Wednesday, October 21, 2009

The Child on the Porch

The Porch, 2007

My parents’ divorce was ugly and, like many, took a toll on the lives of everyone. The forty years thereafter were marked by outbursts of hostility so fierce that you could only conclude that there was still an underlying love.

I was young when the divorce occurred. Looking back at that time, I find that much of the memory of it is erased or just tucked deeply into the folds of my brain. My sister, who is ten years older than me, and I can sometimes fill in the gaps in each other’s memories of those days. She was in high school and then going off to college just as I was becoming alert enough to realize that what was going on around us wasn’t what all families were like.
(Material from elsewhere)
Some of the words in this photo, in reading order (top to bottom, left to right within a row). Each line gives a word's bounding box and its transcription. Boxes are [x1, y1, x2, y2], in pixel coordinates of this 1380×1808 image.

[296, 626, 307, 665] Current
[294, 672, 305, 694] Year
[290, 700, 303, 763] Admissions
Before he died, my father filled me in on other details. My mother, in moments of clarity, continues to do so. Rolled all together, these stories help me understand who I am.
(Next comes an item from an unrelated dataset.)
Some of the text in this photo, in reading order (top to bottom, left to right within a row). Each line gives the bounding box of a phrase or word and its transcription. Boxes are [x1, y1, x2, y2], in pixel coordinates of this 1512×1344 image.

Around Christmas, not long after the divorce, my mother’s brother invited us to a holiday open house. My uncle owned a plumbing business that enjoyed some success through the years. He was a respected member of his church and the building trades. He and my mother had had a falling out over some inheritance a few years earlier and she had not initiated a conversation with him since that time. He knew she was in fragile shape, both emotionally and financially, and phoned from time to time to check on her. She was barely cordial in return.

When the invitation to this holiday party came, my mother decided she couldn’t face her brother. The inheritance issue had finally been settled, but she could not let the grudge go. She thought it might be good for me to see relatives, though, so she called my father and asked him to take me to the gathering. I have no idea what his relationship was with my uncle’s family by then. Looking back, I suspect that because my mother was known to have periods of emotional instability that could be very difficult to be around, they may have felt that my father was the just the unlucky guy who got caught in the line of fire.
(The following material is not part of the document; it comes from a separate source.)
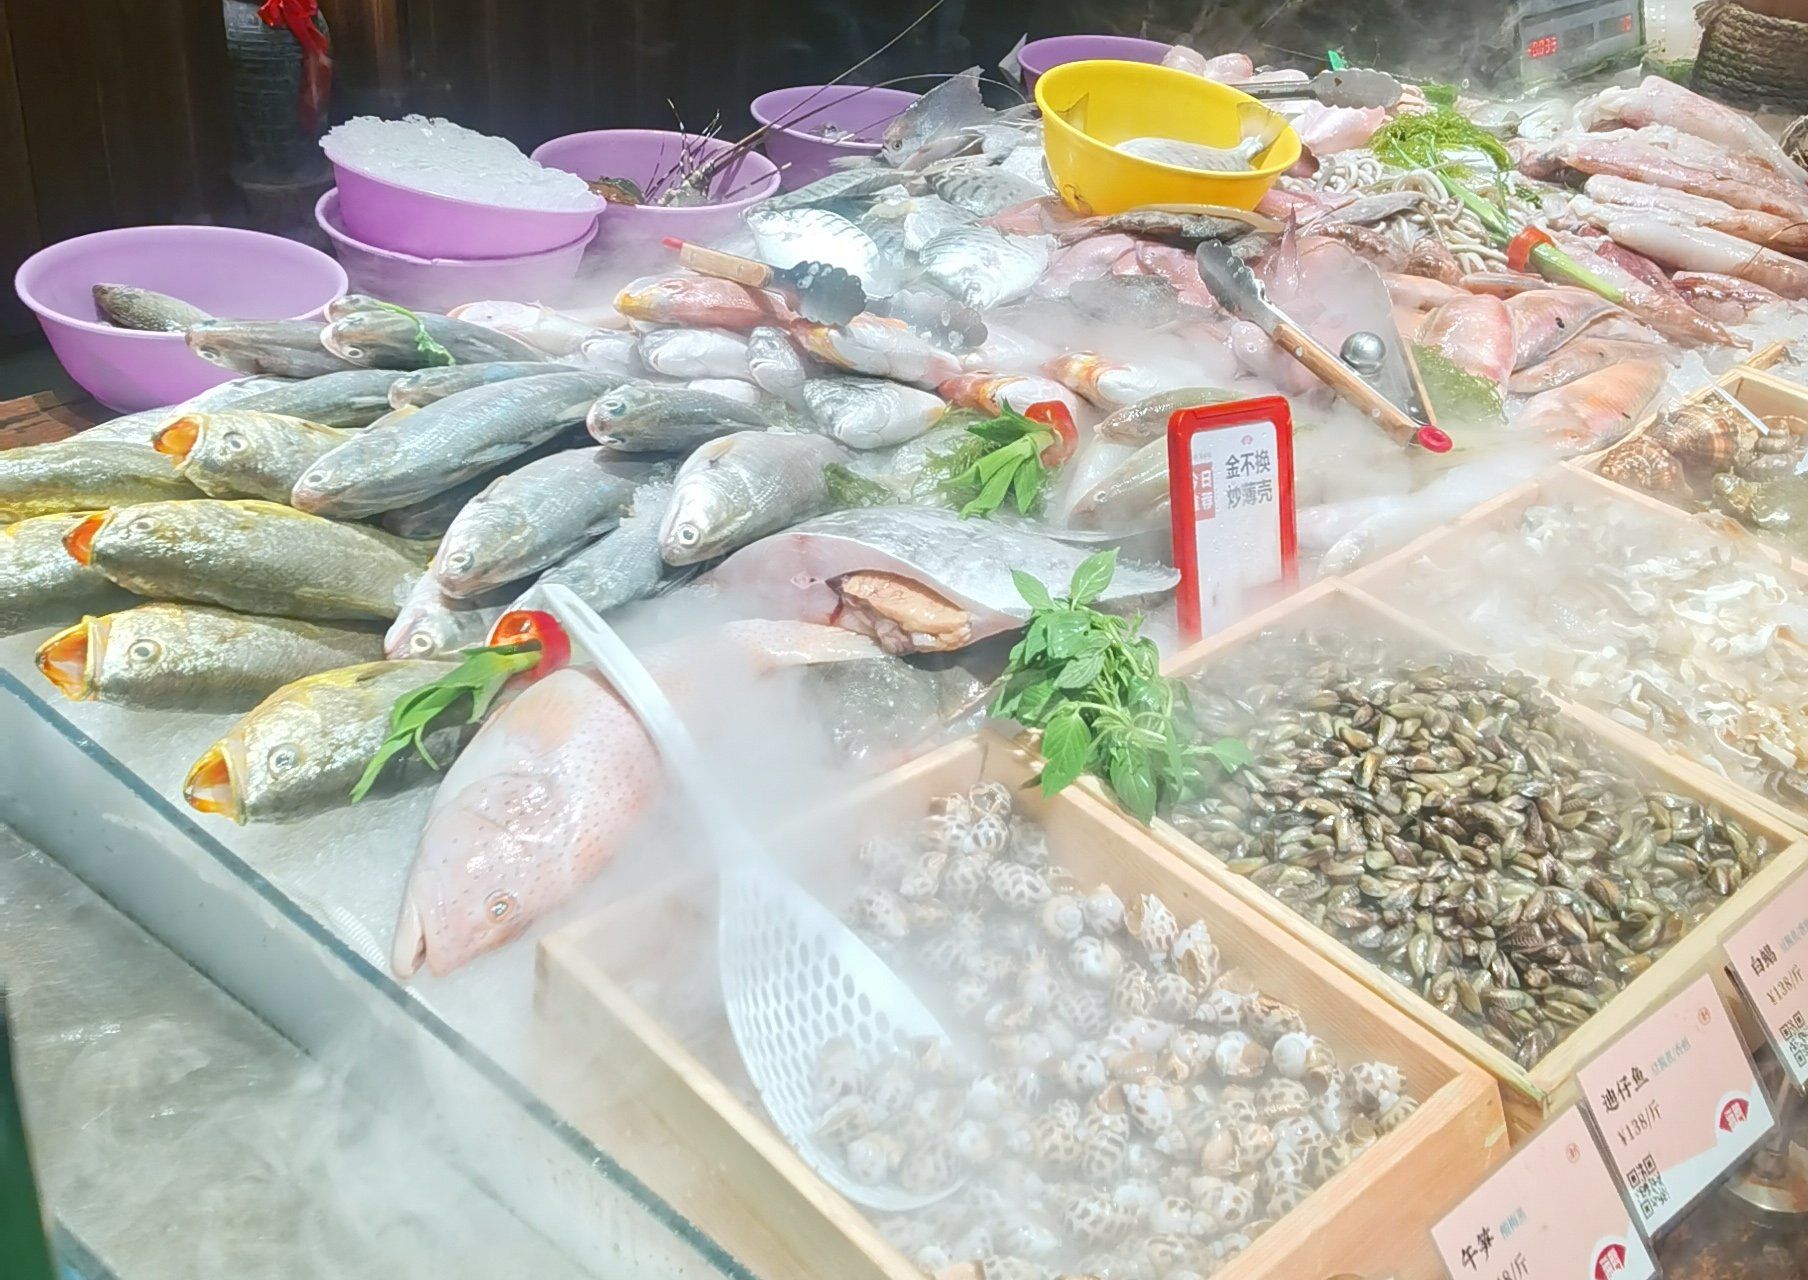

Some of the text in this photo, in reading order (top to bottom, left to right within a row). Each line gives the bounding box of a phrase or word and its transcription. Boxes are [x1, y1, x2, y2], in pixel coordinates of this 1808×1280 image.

[1225, 450, 1271, 480] 金不换
[1226, 479, 1272, 510] 炒薄壳
[1600, 1066, 1649, 1113] 迪仔鱼
In any event, Dad picked me up and took me to the party. Mind you, I don’t remember any of this. It’s one of those memories that got blocked. But as the story is told, when Dad brought me home I immediately bolted into the house and right on through to the back porch, where I huddled down under a table in the cold, dark night.

Anyone who as a child had to deal with parents who fought a lot knows what it’s like to want to get away from the hostility and the noise. Nearly every encounter my parents had with each other in those days ended in shouting. The resulting tension took days to dissipate. When you’re too young to know enough to run away, you seek the muffling silence of bedcovers, closets and, apparently, tables.

Before my father even got from the car up to the front door of the house my mother was already armed for bear, ready to yell at him for whatever he’d done to send me hiding so quickly. It took him some time and a bit of shouting of his own to quiet her and explain that he’d done nothing, that when we’d gone to my uncle’s house no one had even acknowledged our presence, that he’d had words with my uncle, and that he’d taken me out to dinner afterwards so that I’d at least have a decent meal before returning home.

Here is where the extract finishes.